Chinese researchers have developed a kind of wallpaper that can detect heat and flames, essentially turning whole rooms into fire alarms. 

Researchers at the Shanghai Institute of Ceramics, Chinese Academy of Sciences, first created a type of heat and fire-resistant wallpaper using hydroxyapatite a material found in teeth and bones. The researchers found that when the material is spun into long nanowires it becomes flexible enough to be used as a base for wallpaper. 

The resulting product is highly heat and fire-resistant and can help prevent the spread of flames in instances of fire. The team then took this one step further by adding thermosensitive sensors to the wallpaper made from drops of a graphene oxide ink mixture.

The graphene oxide ink mixture acts as an electrical insulator at room temperature but when temperatures rise it becomes conductive. It can then complete the circuit and sound an alarm to alert o the presence of a fire. 
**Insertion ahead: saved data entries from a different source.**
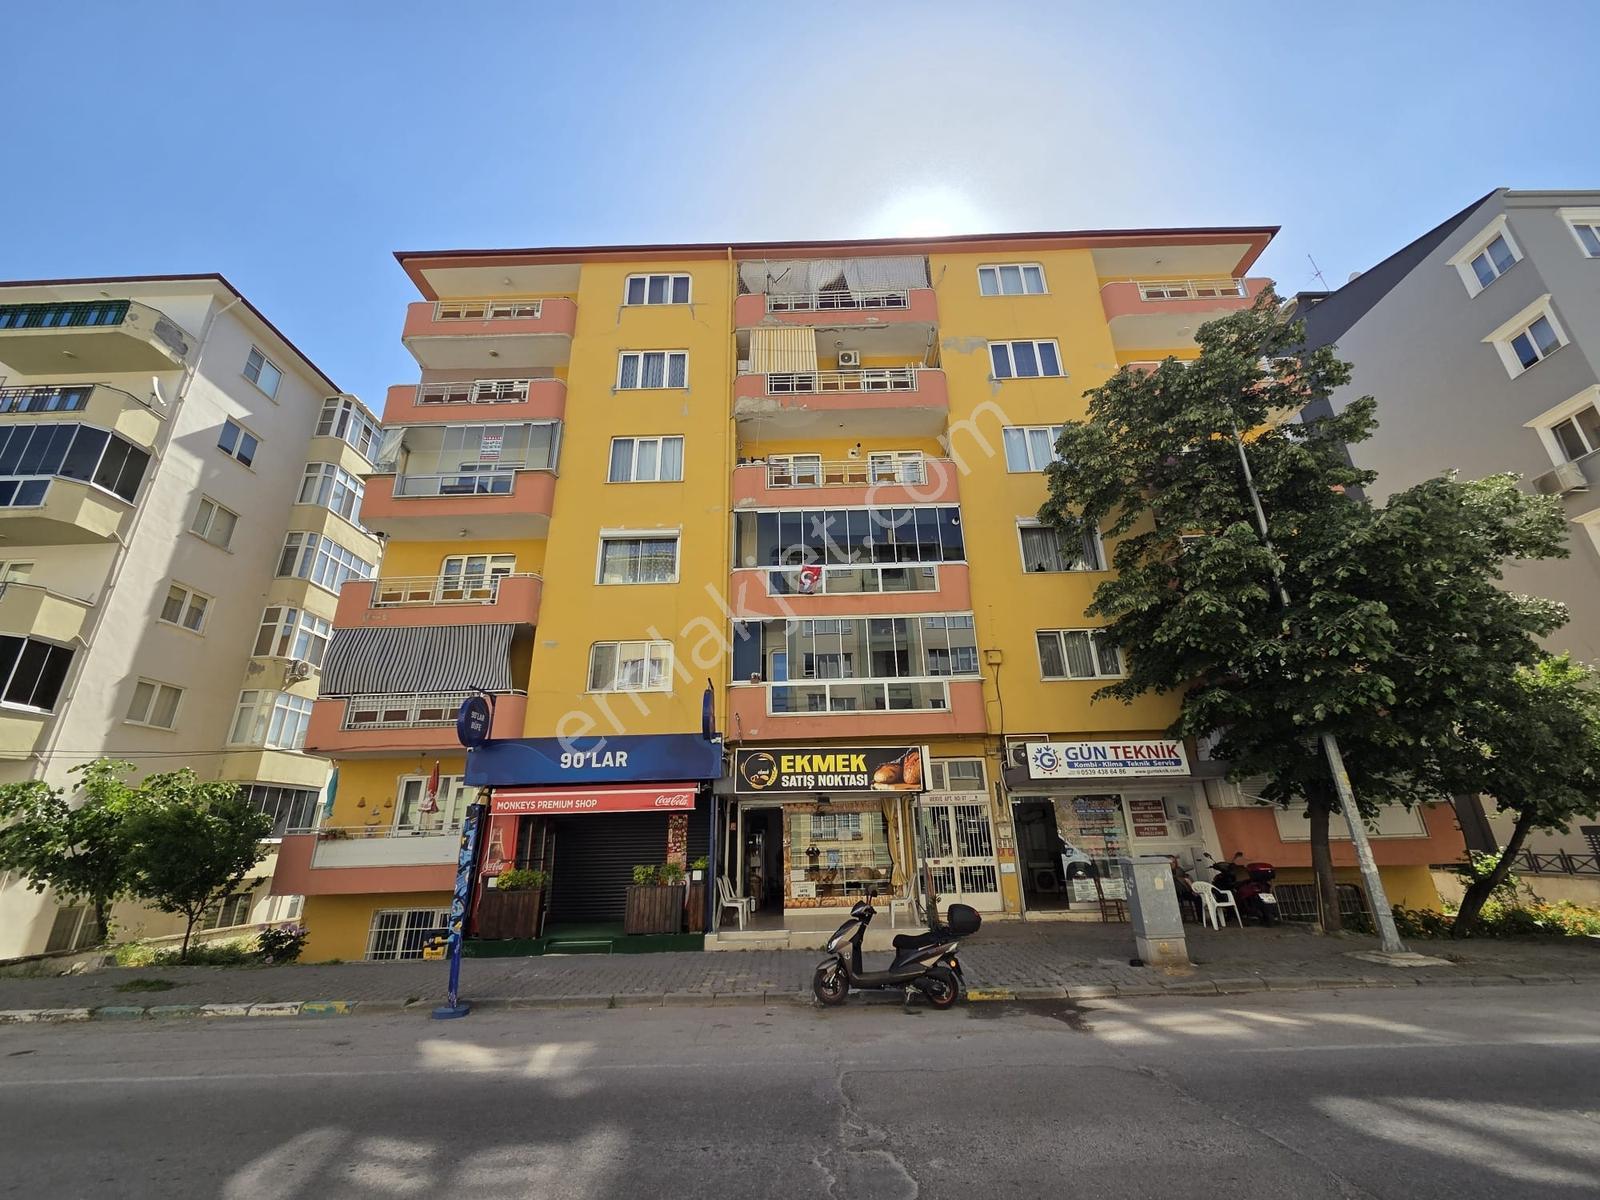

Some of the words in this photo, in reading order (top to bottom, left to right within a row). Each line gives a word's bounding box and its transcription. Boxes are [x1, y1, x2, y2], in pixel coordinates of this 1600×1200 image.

[470, 711, 485, 721] 90'LAR
[1065, 744, 1107, 760] GÜN
[1110, 742, 1180, 759] TEKNİK
[559, 750, 628, 769] 90'LAR
[780, 754, 867, 773] EKMEK
[1103, 760, 1123, 768] Klima
[781, 774, 815, 789] SATIŞ
[817, 773, 868, 787] NOKTASI
[497, 799, 536, 810] MONKEYS
[537, 799, 574, 809] PREMIUM
[575, 798, 598, 808] SHOP
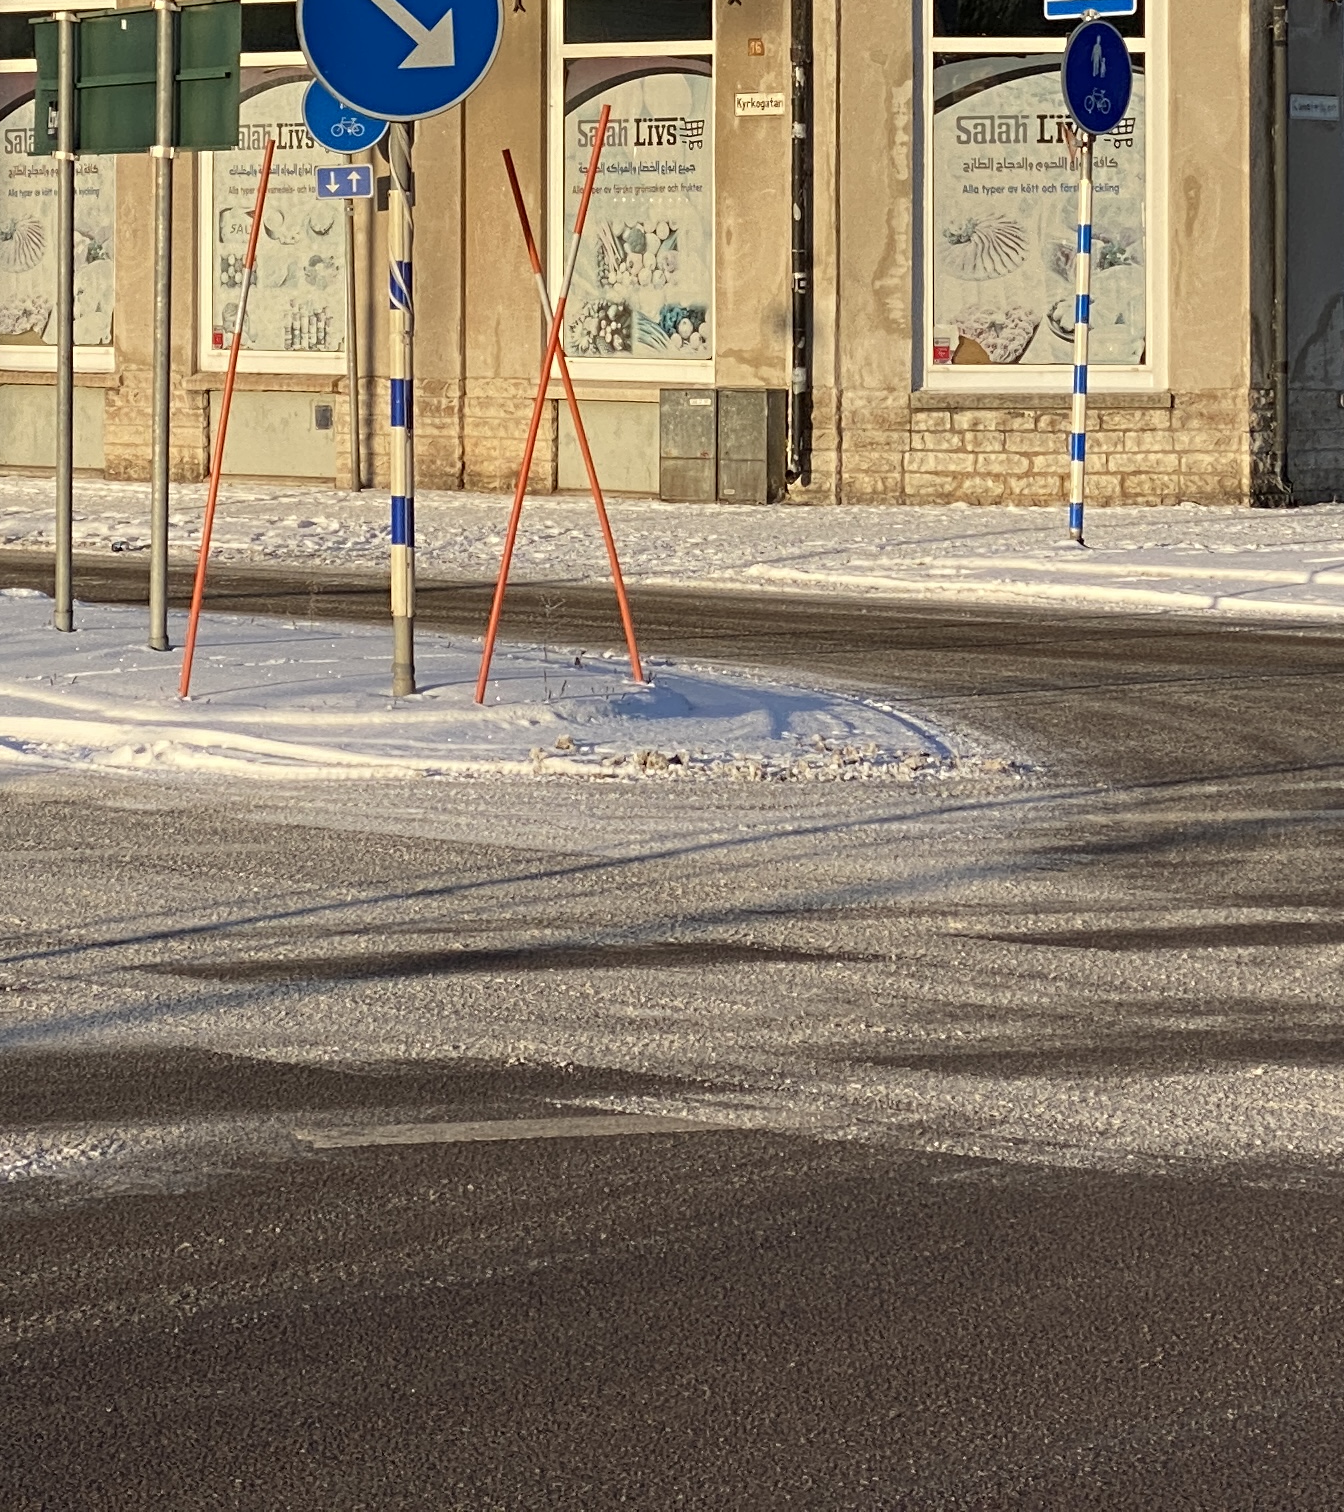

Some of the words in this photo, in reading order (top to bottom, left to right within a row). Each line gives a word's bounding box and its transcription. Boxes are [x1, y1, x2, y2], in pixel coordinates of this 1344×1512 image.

[749, 41, 762, 54] 16
[736, 97, 783, 111] Kyrkogatan
[633, 117, 678, 147] Livs
[956, 114, 1030, 145] Salah
[962, 184, 979, 194] Alla
[982, 184, 1005, 196] typer
Long journey from lab to shop floor

It will take some time for the discovery to be made into a product that is usable by consumers. The research is presented in a journal article titled “Fire Alarm Wallpaper Based on Fire-Resistant Hydroxyapatite Nanowire Inorganic Paper and Graphene Oxide Thermosensitive Sensor,” published in ACS Nano. 

Fire prevention and safety is crucial to building design. Strict laws operate in most parts of the world to ensure a quick response to any possible fire.

Trump Tower didn't have sprinklers 

A man died after a fire broke out at the Trump Tower in New York City last weekend. Sources close to the New York City Fire Department told media that they were no alarm sounding in the building when firefighters arrived, indicating that the building's fire alarm system may not have been working. 

The fire on the 50th floor of the highrise left the occupant of the flat where the fire started dead and resulted in injuries to six firefighters. The firefighter was reportedly alerted to the fire by a building-wide alarm system in Trump Tower.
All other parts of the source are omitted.